With the terrorist attacks in Paris fresh on the minds of Europeans (150X as many dead in a terrorist attack in Africa, not so much), politicians are reflecting the concerns of the public and becoming focused on how to better prevent them in the future.

France clearly knows it needs to beef up its security agency and other European countries are worried that more scrutiny on potential Islamic terrorists will mean more violent blowback. Regardless of the risk, people want to stop homicidal miscreants before they kill 1,700 rather than 17.

In the British parliament, a new bill seeks to give MI5 some help. It specifically says that all organizations will be legally required to “take seriously their responsibility to exclude those promoting extremist views”. That means everyone, but universities are already scrambling to make sure they are exempted. Yet they can't be. Universities are breeding grounds for extremists in the UK, just like in America and other western countries. Fifth columnists exploit the trappings of diversity and tolerance to gain a foothold. 

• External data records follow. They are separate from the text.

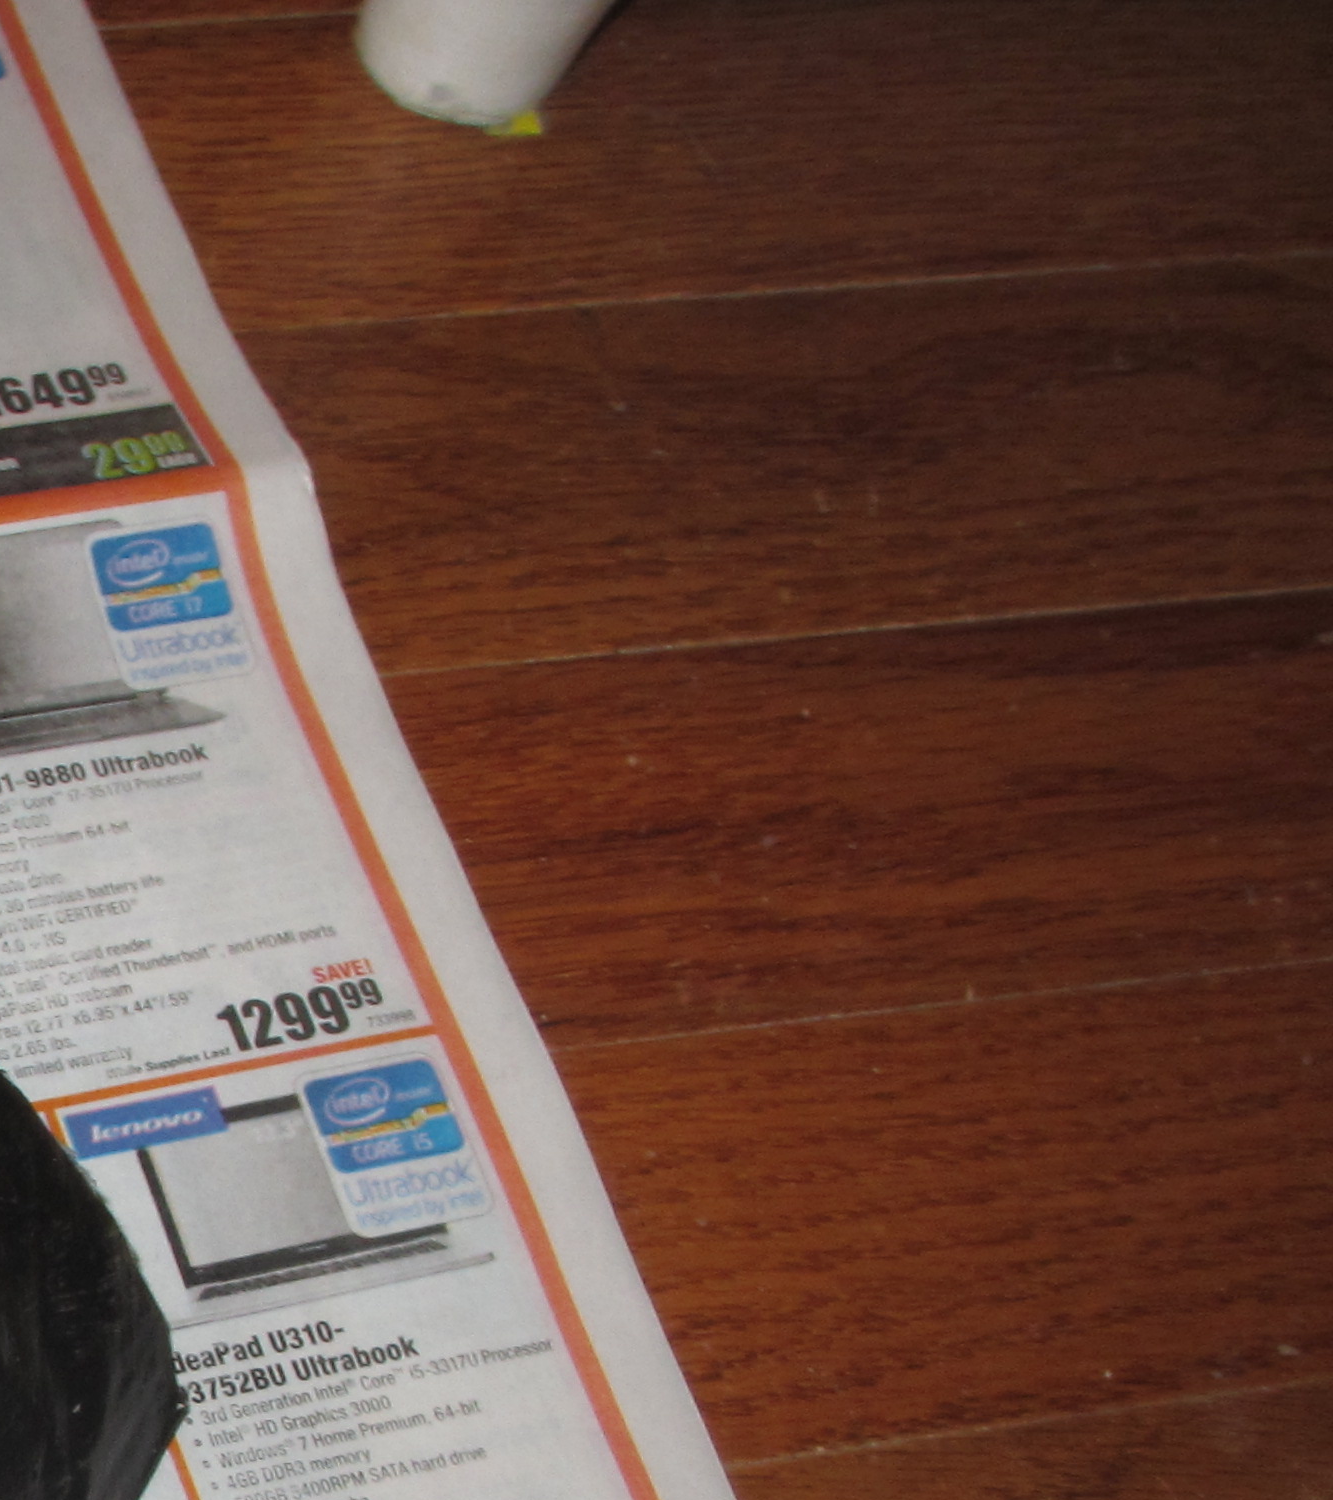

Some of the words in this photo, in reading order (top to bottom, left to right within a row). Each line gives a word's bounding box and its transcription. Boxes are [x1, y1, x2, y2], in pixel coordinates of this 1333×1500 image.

[91, 744, 208, 777] Ultrabook
[312, 958, 373, 985] SAVE!
[90, 1109, 204, 1145] lenovo
[345, 1162, 472, 1207] Ultrabook
[268, 1321, 343, 1353] U310-
[293, 1338, 418, 1381] Ultrabook
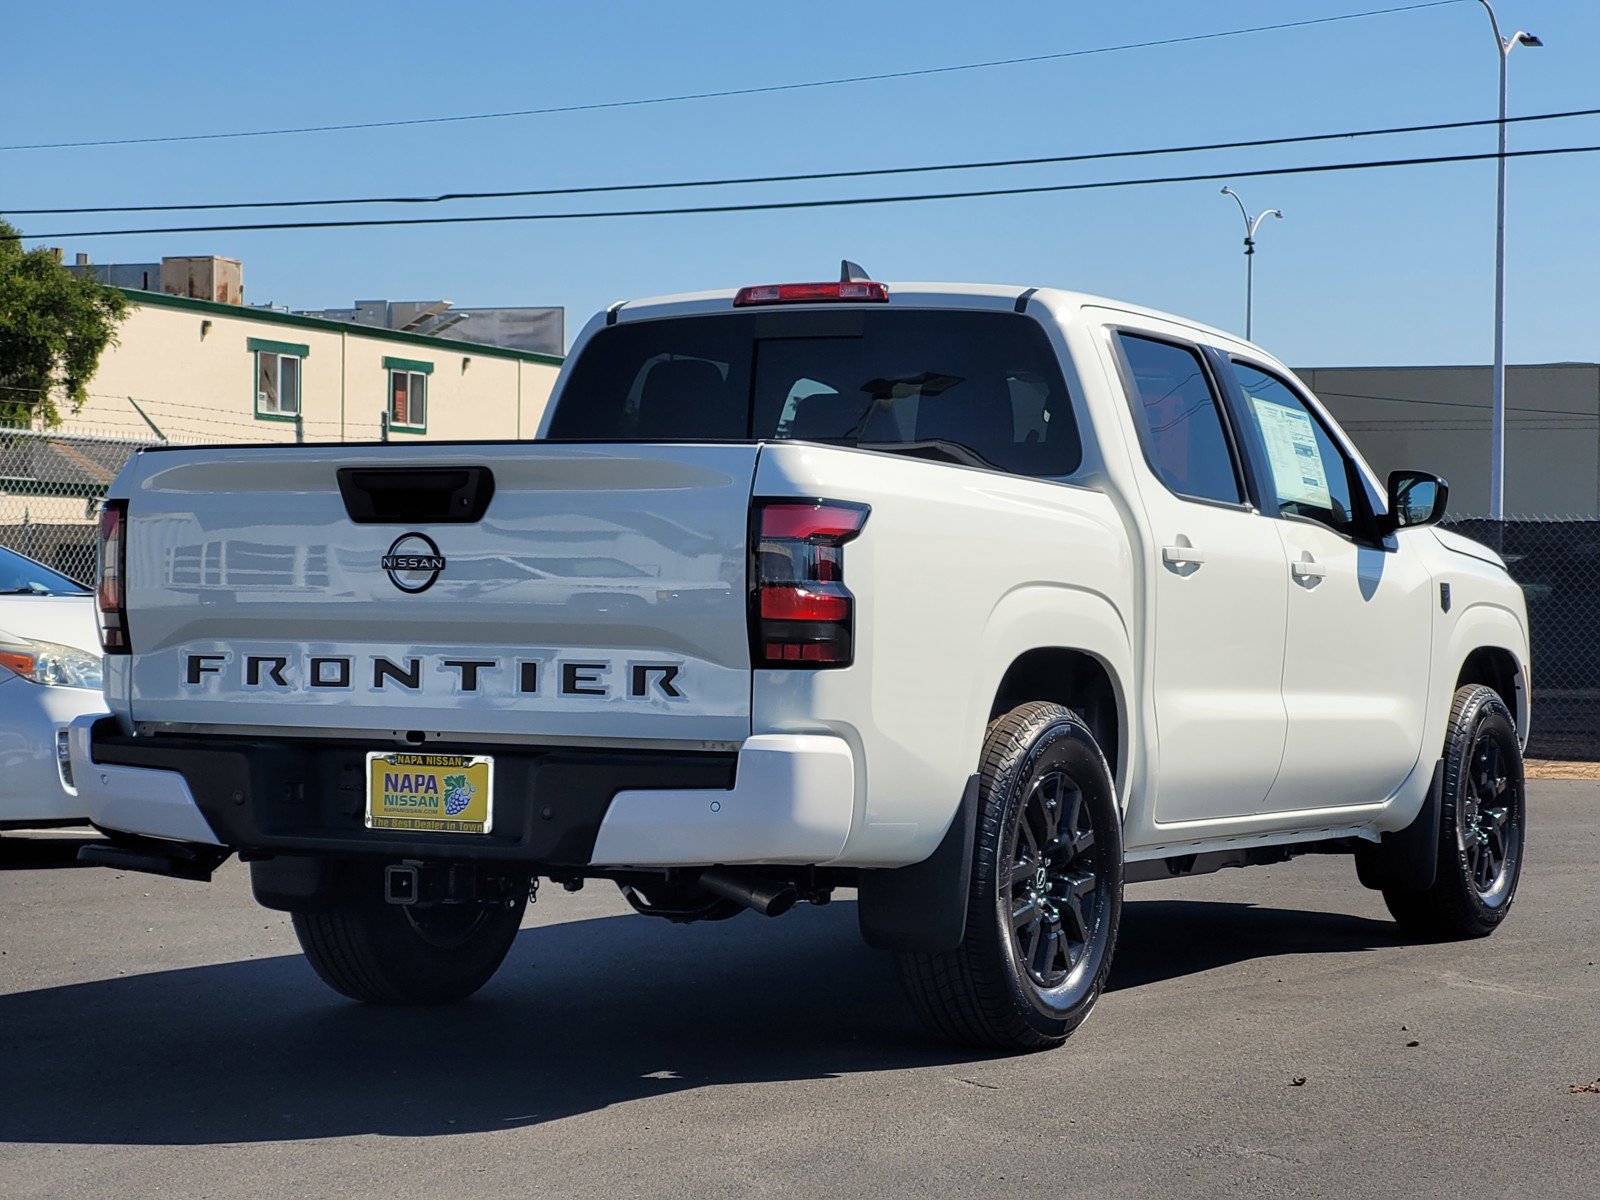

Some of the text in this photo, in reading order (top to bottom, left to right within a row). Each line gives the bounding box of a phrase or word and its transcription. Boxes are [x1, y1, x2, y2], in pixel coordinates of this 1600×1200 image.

[382, 558, 443, 568] NISSAN
[186, 655, 682, 697] FRONTIER
[396, 755, 462, 766] NAPA NISSAN
[384, 773, 439, 795] NAPA
[384, 794, 439, 808] NISSAN
[372, 818, 389, 828] The
[391, 818, 412, 829] Best
[414, 819, 444, 830] Dealer
[459, 821, 484, 832] Town
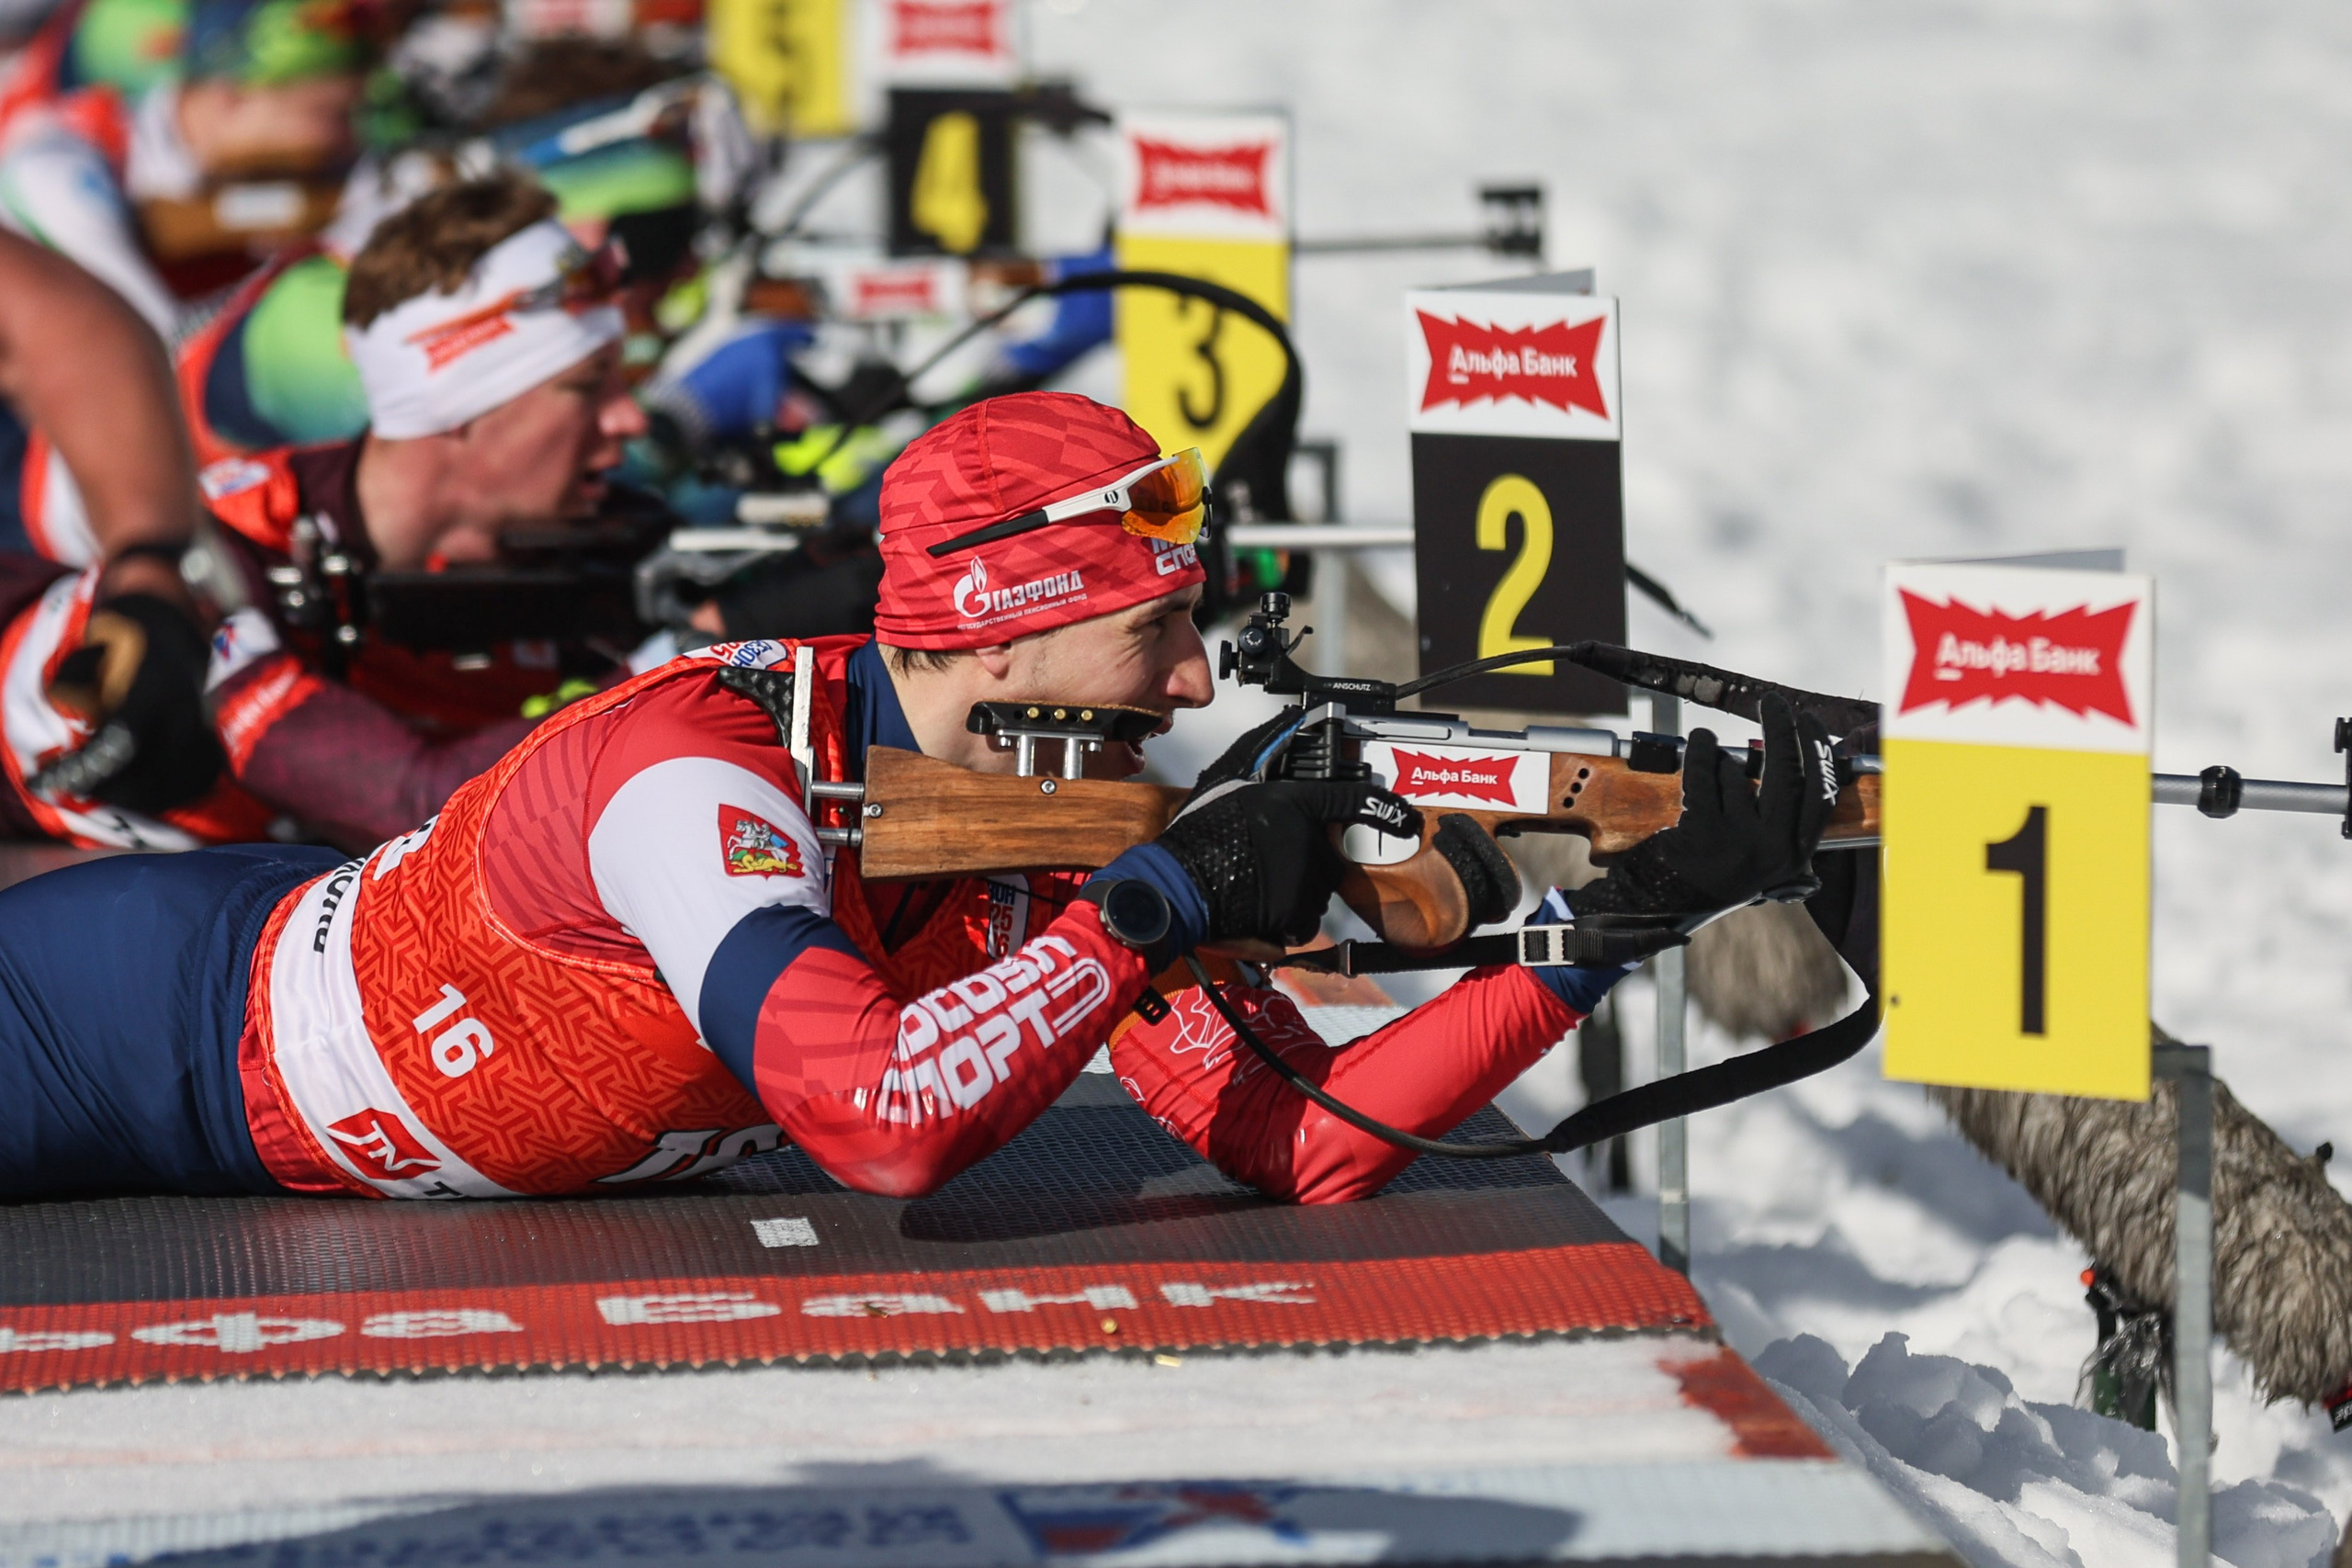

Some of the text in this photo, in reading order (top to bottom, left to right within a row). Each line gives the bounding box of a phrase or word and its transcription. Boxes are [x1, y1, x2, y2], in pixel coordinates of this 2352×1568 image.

[911, 110, 988, 254] 4
[1177, 294, 1224, 429] 3
[1449, 344, 1578, 384] Альфа Банк
[992, 570, 1085, 612] ГАЗФОНД
[1476, 474, 1554, 675] 2
[1023, 598, 1068, 615] ПЕНСИОННЫЙ
[1068, 592, 1088, 604] ФОНД
[1934, 631, 2102, 681] Альфа Банк
[1410, 766, 1498, 785] Альфа Банк
[1984, 805, 2050, 1036] 1
[412, 983, 494, 1078] 16
[596, 1280, 1316, 1325] Банк

If Israel is the only problem university students see in the Mid-East, there is a bigger political cancer that will grow. If fracking is the big energy problem they see, there is a worry about student intelligence. Laura Clayson, Lancaster's students' union president, with the posters that attracted police attention. Photo: Christopher Thomond for the Guardian

They couch their objection in the language of academic freedom and the openness of debate on campus. Whether or not anyone actually believes there is open debate and freedom on campuses is subjective - nothing demonstrates irony like academics in America suddenly embracing 'freedom to offend' for Charlie Hebdo when they are most likely to want to control speech and thought and get anyone fired who deviates from their groupthink - but even if claims of openness are dismissed universities have a fallback argument; just because terrorists tend to arrive on student visas does not prove that universities are breeding grounds for terrorists. Plenty of terrorist sympathizers also clean dishes.

It's a valid point. Umar Farouk Abdulmutallab may have stuck a bomb in his underwear on Christmas Day in 2009 to blow up an airplane - thankfully an intolerant Dutch citizen was willing to look at him in a way British university employees are not -  but that doesn't mean his time at University College London caused him to do so. Nor can his position as president of the school's Islamic Society be proved as the cause of his desire to blow a Northwest flight to smithereens.

In other words, no snowflake in an avalanche can ever take the blame.

Yet avalanches do happen and we might like to not have innocent people in the way when they do. 

At some point universities need to cast off their faux idealism about diversity and tolerance and openness of debate - the number of Western universities that actually have as much freedom of thought as even delegates at the Republican National Convention can be counted one hand - and be the forces for public good that they claim to be when they are asking for taxpayer money.

No one is asking for academics to be the KGB, but it is well-known that universities harbor extremists and seeking to be exempted from anti-terrorism efforts will just make that problem worse.